Per Nachtzug in die Ukraine – eine humanitäre „Landbrücke“ auf der Schiene
Während das freie Reisen innerhalb Europas vor allem den Ukrainerinnen und Ukrainern hilft, denen es bereits gelungen ist, das Land zu verlassen, benötigen innerhalb der Ukraine noch immer zehntausende Menschen Hilfe. Nahrungsmittel, Trinkwasser, Hygieneprodukte, Schlafsäcke, oder medizinische Produkte sind in vielen Städten und Regionen des Landes seit Kriegsbeginn Mangelware und werden dringend benötigt. Darauf hat das tschechische Unternehmen RegioJet mit der Schaffung einer „Landbrücke“ auf Schienen in die Ukraine reagiert. Seit Anfang März fährt jeden Abend ein Nachtzug von Prag an die ukrainische Grenze, um Hilfsgüter in das vom Krieg erschütterte Land zu befördern. Gleichzeitig können auf dem Rückweg nach Tschechien Menschen aus der Ukraine evakuiert werden. Insgesamt werden in den bis zu 10 Güterwaggons und den 10 Schlafwagen somit jede Nacht 600 Palletten Hilfsgüter in die Ukraine und rund 400 Menschen aus der Ukraine gebracht.

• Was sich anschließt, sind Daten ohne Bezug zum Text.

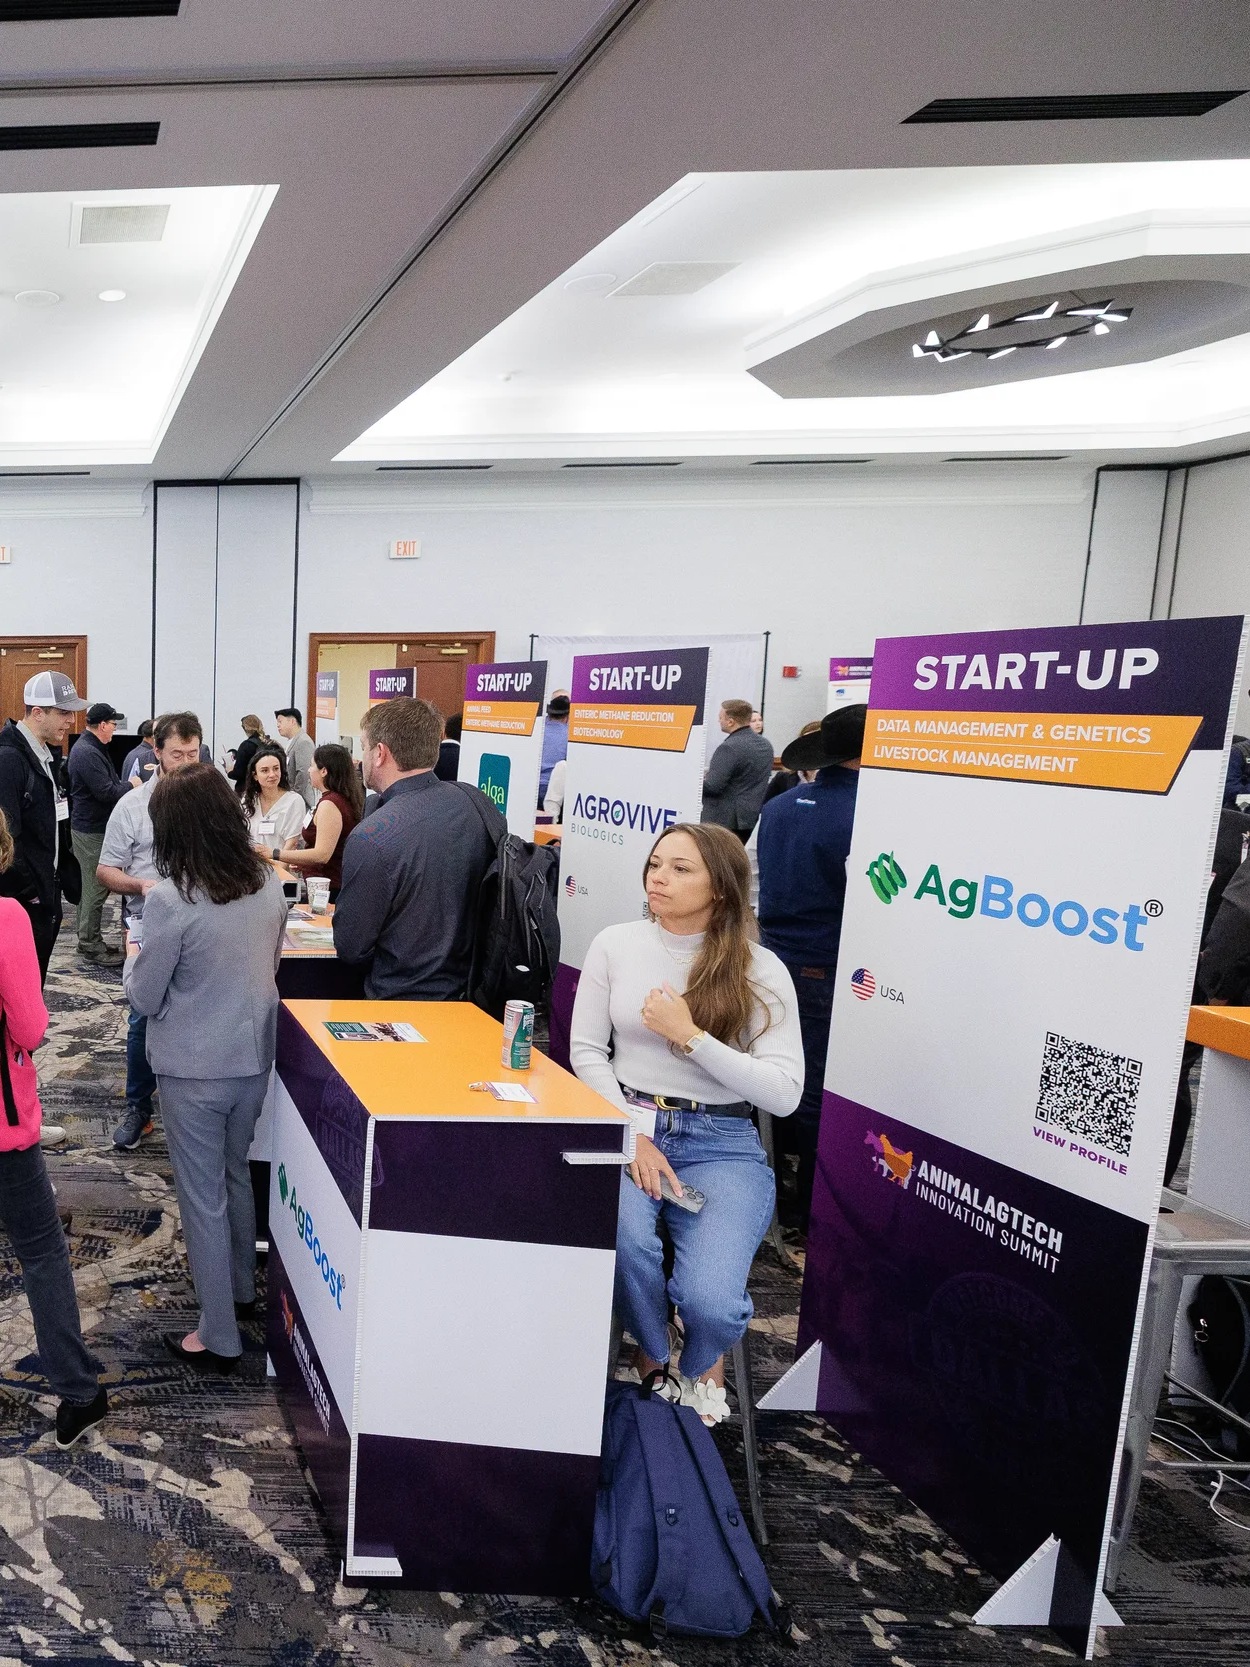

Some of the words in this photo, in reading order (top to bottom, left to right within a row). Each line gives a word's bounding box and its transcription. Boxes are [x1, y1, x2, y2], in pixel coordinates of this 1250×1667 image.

Regiojet ist nicht das einzige europäische Bahnunternehmen, welches sich für den Transport von Hilfsgütern in die Ukraine einsetzt. So hat die DB am elften März ihre „Schienenbrücke“ in Gang gesetzt. Dabei werden Spenden aus ganz Deutschland kostenlos per Zug in die Ukraine transportiert. Pro Fahrt können somit rund 350 Tonnen Hilfsgüter in die betroffenen Gebiete befördert werden.
Nächster Halt – Unbekannt: die Schwierigkeiten der Evakuierung per Zug
Trotz guten Willens und großer Anstrengungen vonseiten der verschiedenen Bahnunternehmen läuft bei der Hilfe über die Schiene nicht alles rund. So haben sich beispielsweise mit Blick auf die Ankunft von Geflüchteten in Deutschland über die polnische Grenzstadt Stettin einige Probleme gezeigt. Während täglich tausende Menschen in Stettin ankommen und per Zug die Grenze nach Deutschland überschreiten wollen, ist die Bahnstrecke zwischen Passow und Stettin momentan nicht befahrbar. Dies erschwert die Reise der Flüchtlinge nach Berlin enorm: entweder müssten sie zwischen der Deutsch-Polnischen Grenze den Schienenersatzverkehr nutzen, oder sie müssten lange Umwege per Zug in Kauf nehmen. Logistisch sind für die Weiterreise tausender Geflüchteter pro Tag beide Alternativen nicht geeignet.
Es erscheint zudem erstaunlich, dass viele Geflüchtete mit herkömmlichen Zügen über verschiedene Etappen von Stadt zu Stadt reisen müssen, um an ihr Ziel zu kommen. Somit kommen nach wie vor überproportionale viele Menschen in Berlin an, anstatt, dass sie direkt mit Sonderzügen von Polen nach Deutschland reisen und sich die Ankunft auf viele Städte verteilt.
Die Lücken des grenzüberschreitenden Bahnverkehrs
Die aktuelle Situation zeigt die logistischen Probleme grenzüberschreitenden Schienenverkehrs in Europa wie unter einem Brennglas. Noch immer gibt es zu viele “Missing links” – Lücken im europäischen Schienennetz, die den Schienenverkehr zwischen den europäischen Staaten behindern. Häufig fehlen nur wenige Kilometer Gleisinfrastruktur oder eine grenzüberschreitende Abstimmung des Betriebs, um eine Alternative zum Auto zu bieten. Aber auch technische Unterschiede und eine fehlende Harmonisierung gewisser Standards (z.B. Schienenbreite) machen grenzüberschreitenden Schienenverkehr an vielen Stellen unmöglich. Wir als Grüne setzen uns in der EU dafür ein, dass das europäische Schienennetz ausgebaut, technische Standards harmonisiert und damit grenzüberschreitendes Reisen und Begegnungen mit der Bahn für alle erleichtert wird und auch damit die Bahn in der Not noch leistungsfähiger sein kann.